With the help of the Oklahoma Society of Land Surveyors (OSLS) and colleagues, I was able to begin the program by introducing students at my sons’ school to land surveying. In support of the program, OSLS provided me with coloring books, reading literature and some OSLS supplies to give to the kids. These helped with the limited patience kids at that age commonly have. With the help of a co-worker, I went to the school armed with basic surveying equipment: a total station, a prism and range pole, some radios, a handheld GPS unit, a couple boxes of flagging, some lathe, a 100-foot tape, a plumb bob, an iron pin (with my boss’s cap) and the OSLS gear. The teacher informed me I had about 10 minutes to show the 15-page coloring book to the kids (again, because the attention span of the second graders is next to zero). While I read the surveying book aloud and answered the kids’ questions, my co-worker went outside to the playground to set up the surveying equipment for the hands-on portion of the lesson.

An Eye-Opening Experience

After introducing the kids to the land surveying profession inside, we went outside to “play” with the equipment, map the playground and bury a time capsule filled with photos, a newspaper and a list of current events. The contents of the capsule were then enclosed in a watertight container and buried so the children could later retrieve the items on the date of their graduation from grade school. The looks on the kids’ faces while they inspected the equipment were priceless. Some of the second graders gazed into the prism and saw everything coming to a center. My co-worker and I watched them laugh as they keyed the microphone on the radio, played with the radio, or walked in circles looking for an object I had hidden and logged with GPS. Listening to the questions from the second graders as they engaged the equipment would make some chuckle; their questions, however, were sincere. As they soaked up what little knowledge I was able to give to them in the short amount of time, I could see their little brains working at a fast pace.
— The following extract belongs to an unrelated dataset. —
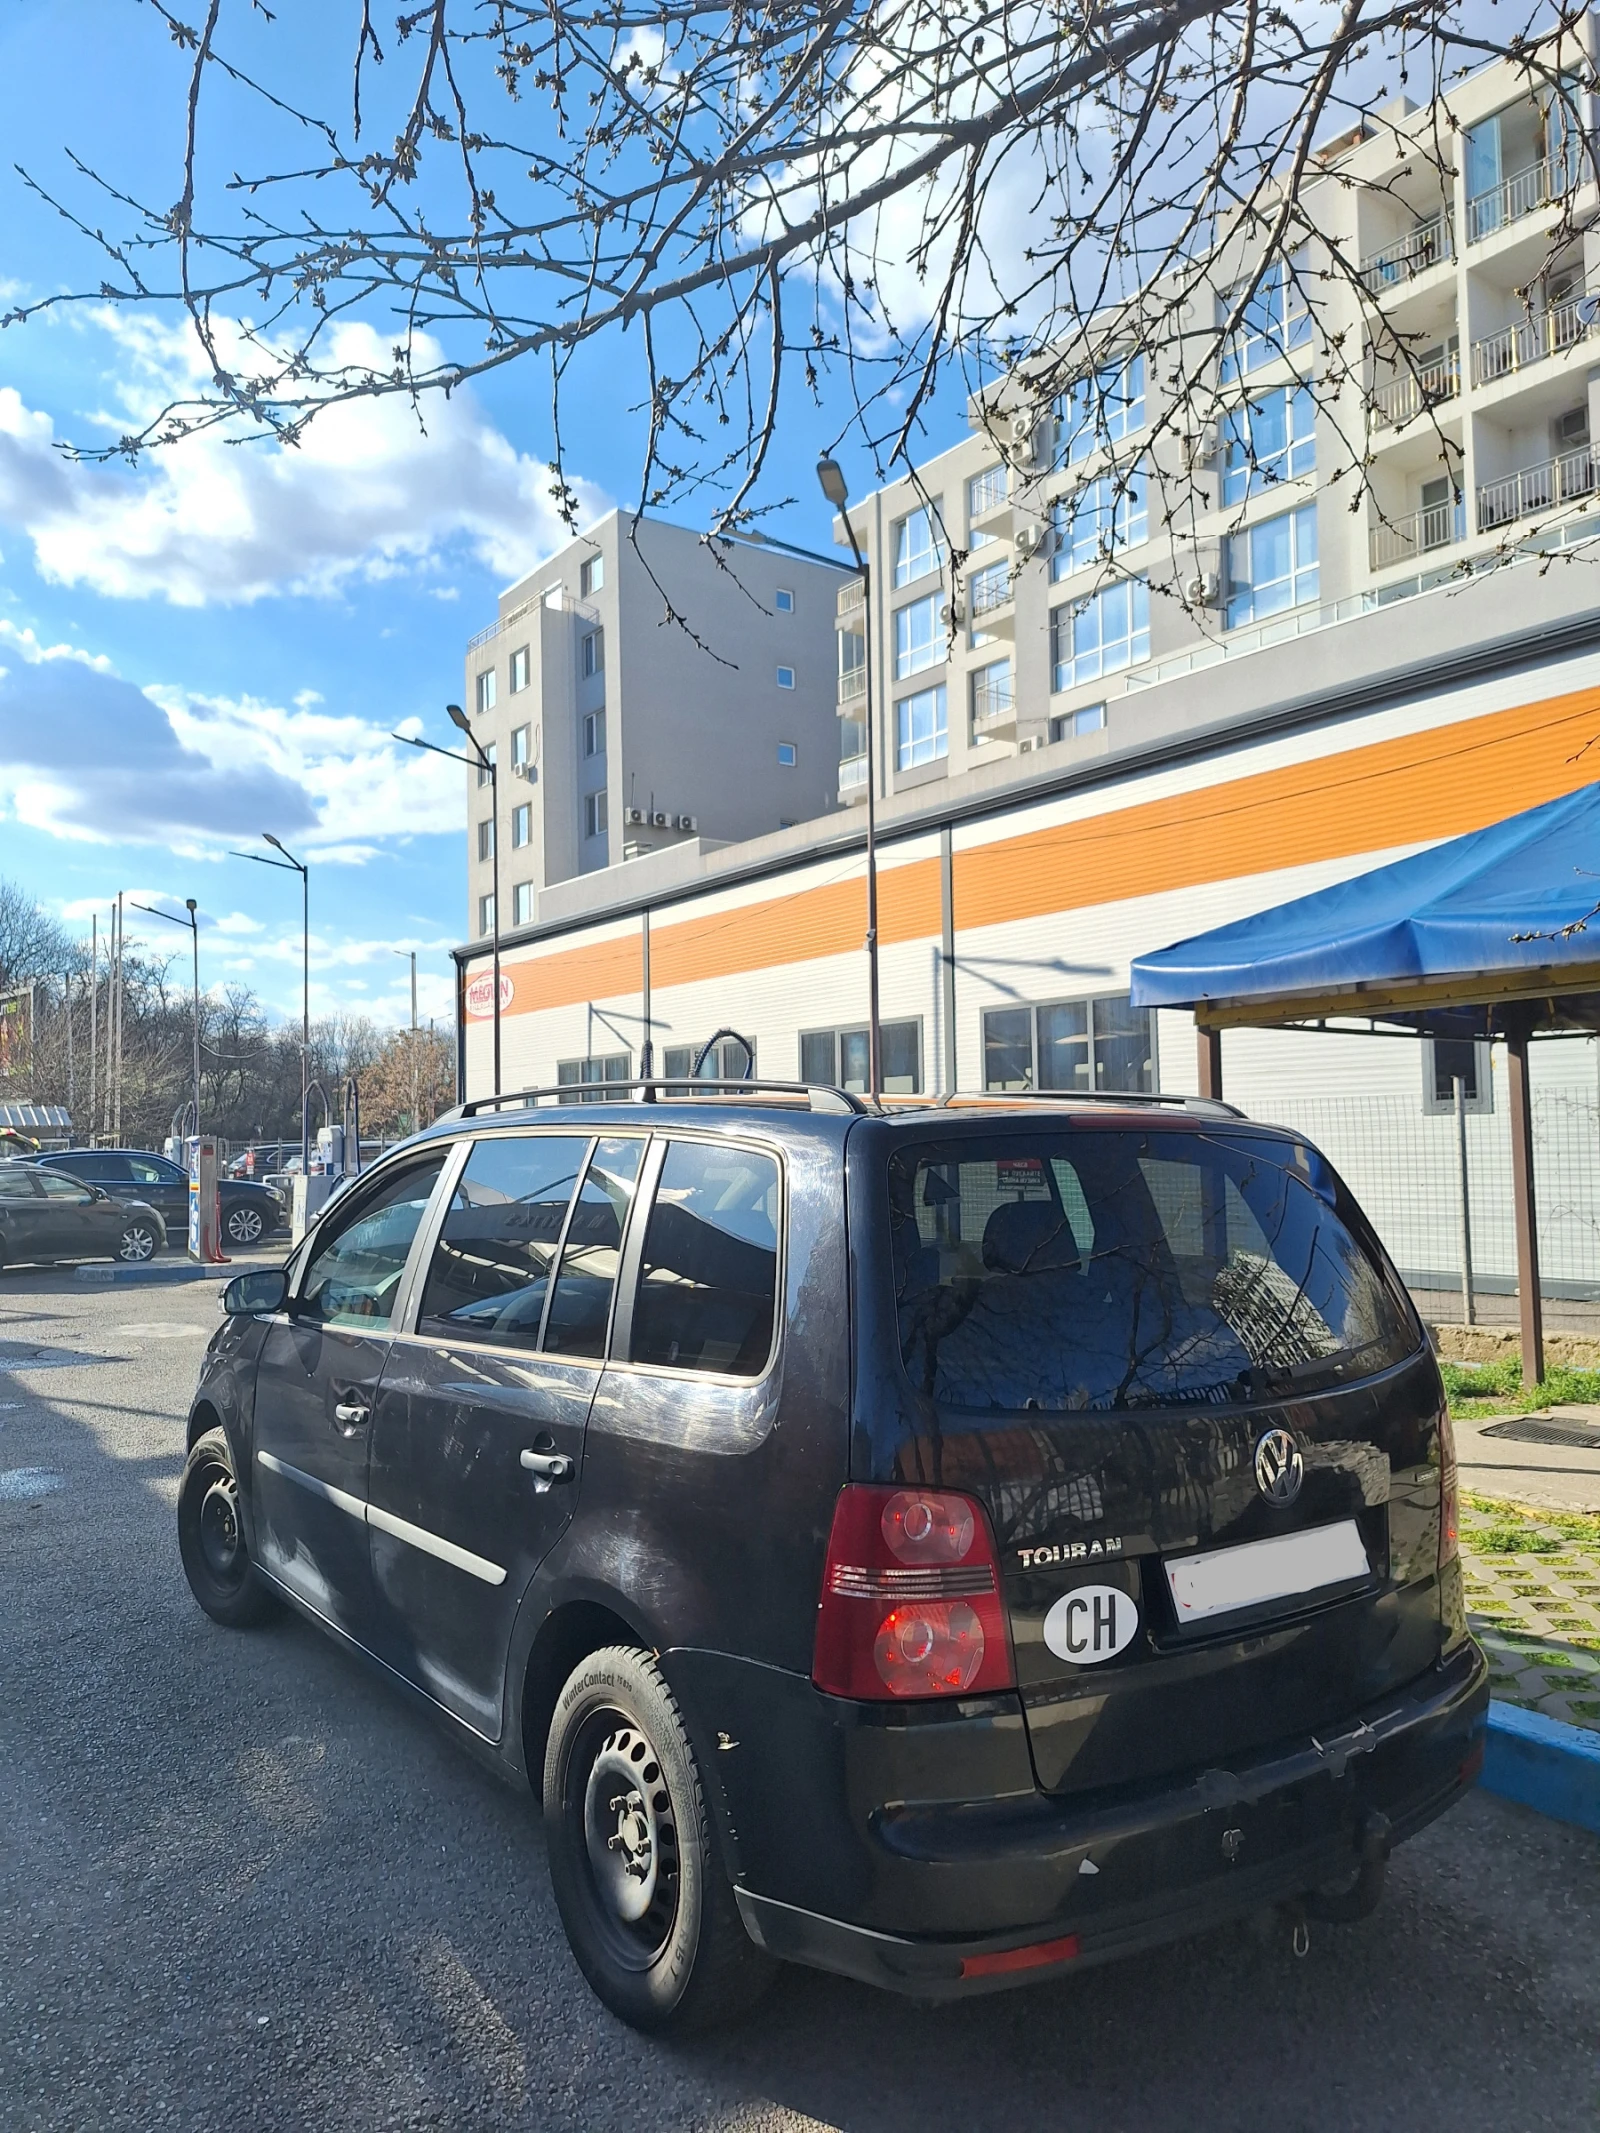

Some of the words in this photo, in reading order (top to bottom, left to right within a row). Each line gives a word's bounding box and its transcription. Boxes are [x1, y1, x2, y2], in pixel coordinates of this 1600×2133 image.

[1018, 1537, 1122, 1568] TOURAN
[1066, 1594, 1116, 1653] CH
[562, 1671, 615, 1711] WinterContact
A Six-Year Tradition, and Counting

With the help of the OSLS and my colleagues, the mentoring program has continued for six years. The program has broadened and now involves the local Cub and Boy Scouts troops. As my own sons get older, I realize it is important to continuously come up with better ideas on how to teach them in order to keep them interested in the surveying profession.

Shaping the Surveyors of Tomorrow

The few hours I spend mentoring our community’s potential future surveyors isn’t much out of my busy day, and I get much enjoyment in doing so. I also get a lot of pleasure-much as my boss did back when I was first starting as a green hand-when a young student asks, “What am I doing when I hit ‘inverse’” or “Can you teach me some trig?” I look forward to someday seeing one of the children I have taught at an OSLS seminar, or maybe even with an RTK rover slung over his or her shoulder, walking boldly to the point or searching for a PLSS stone. My hope is that the surveyors of today will take some time out of their schedules to mentor the people of their community, including kids, assistants or laymen. We all know how hard it is to find good surveying help these days, and I think we can do something to change this problem. We need to take the time to educate the youth of our communities about the benefits of a surveying career and answer people’s questions to promote the future of the surveying profession.